安全監控程序（固件）是獨立于操作系統的、自足的、不可重入的一小段代碼。只要CP15安全狀態寄存的S位處于置1狀態，安全監控程序就要起作用（監測所有處理器操作）。首先監控程序要負責保存>上下文狀態，即寄存器內容（一般保存到緊致內存TCM中），并且把當前處理器配置信息保存到CP15的單獨一組分編（banked）寄存器中。TrustZone的開銷是增加了大約350位狀態信息，完成上下文切換需要200時鐘周期。

由于TrustZone為安全區配備了單獨的緩存、TLB和緊致內存TCM，上下文切換并不會導致這些性能構件內容的倒換，也即不會導致系統性能的降低。

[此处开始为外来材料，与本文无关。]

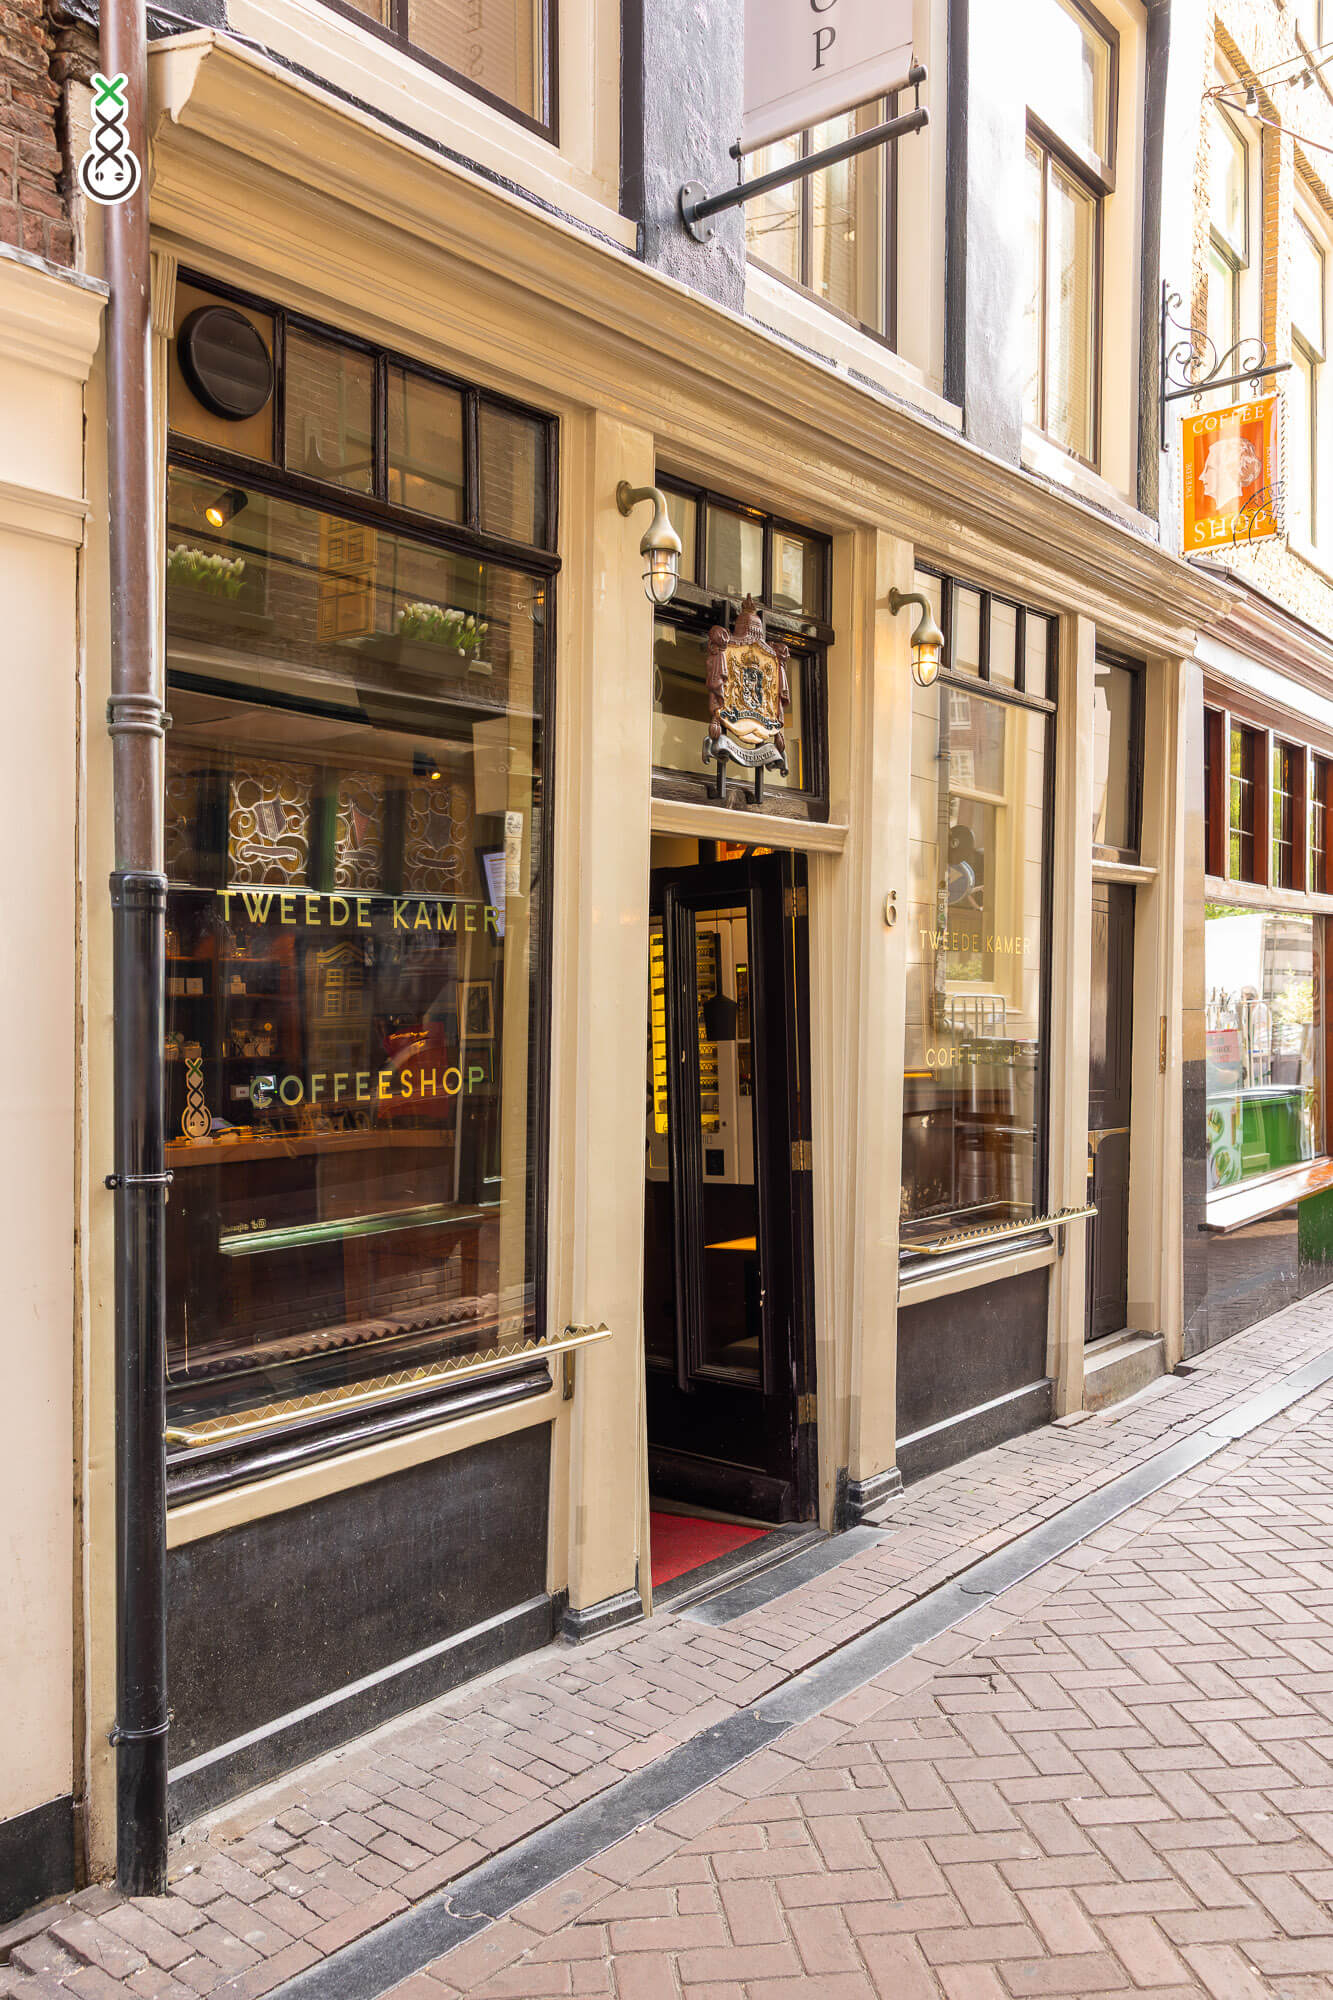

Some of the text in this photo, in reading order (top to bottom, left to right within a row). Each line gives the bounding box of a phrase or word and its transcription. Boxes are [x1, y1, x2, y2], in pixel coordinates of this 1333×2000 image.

[1192, 405, 1265, 434] COFFEE
[1194, 510, 1267, 543] SHOP
[216, 889, 499, 933] TWEEDE KAMER
[884, 888, 897, 927] 6
[920, 930, 1031, 955] TWEEDE KAMER
[250, 1066, 484, 1109] COFFEESHOP
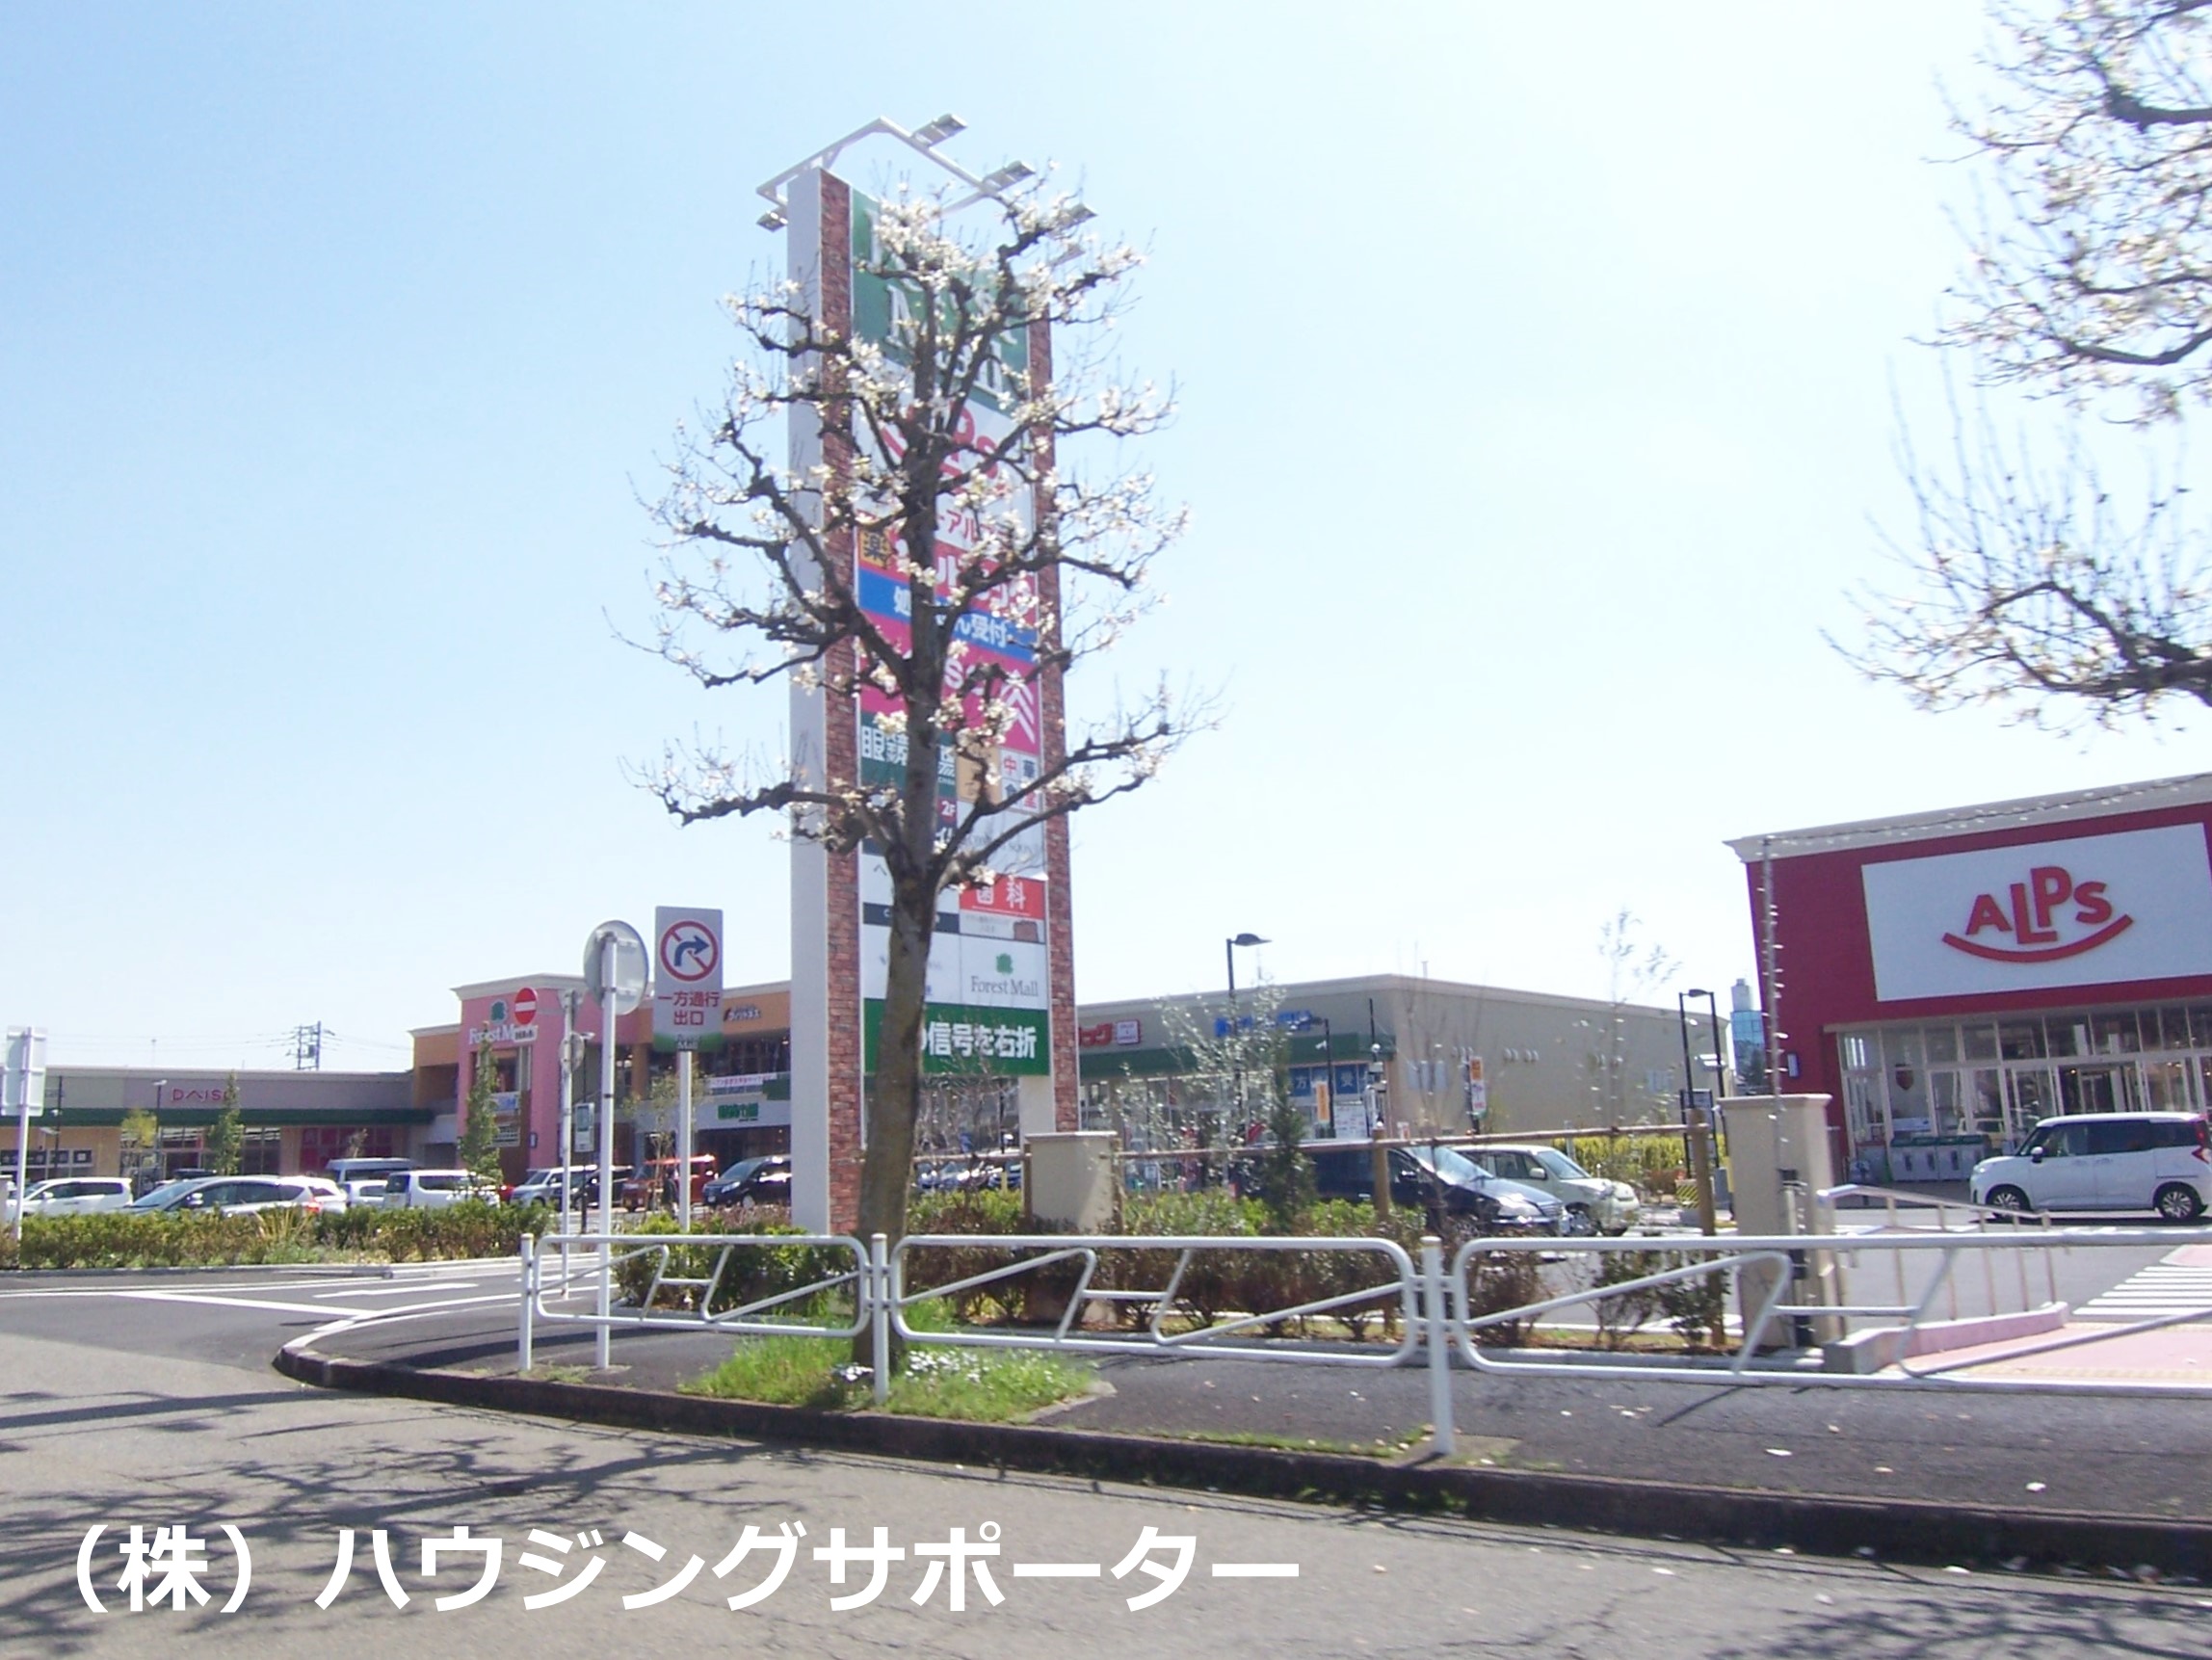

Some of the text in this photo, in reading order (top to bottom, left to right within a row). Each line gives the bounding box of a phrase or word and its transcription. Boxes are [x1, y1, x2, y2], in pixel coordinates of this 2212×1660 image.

[1965, 866, 2113, 945] ALPS
[970, 975, 1040, 997] Forest Mall
[657, 989, 721, 1008] 一方通行
[674, 1009, 704, 1026] 出口

ARM建議把安全監控程序及其運行時需要的內存置于一個TCM塊中，以使延遲更低且更可預測。

安全擴展對于中斷處理也有影響。因為中斷既可以來自外設，也可來自軟件，那就必須假定中斷有可能造成安全漏洞，這樣，在安全代碼執行時，就不能簡單地讓任何中斷切入進來。ARM建議的方案是，把中斷也分為安全的和非安全的，安全代碼只能被安全中斷打斷。當然，也可以把所有中斷都提升為安全的，但那樣會引入不必要的延遲。

TrustZone是體系結構的擴展，系統軟件可以利用這一擴展提供安全支持，TrustZone本身并不能實現安全保障功能，但這一解決方案硬件實現不復雜，也不增加許多功耗，仍是具有很好性價比的安全嵌入式解決方案。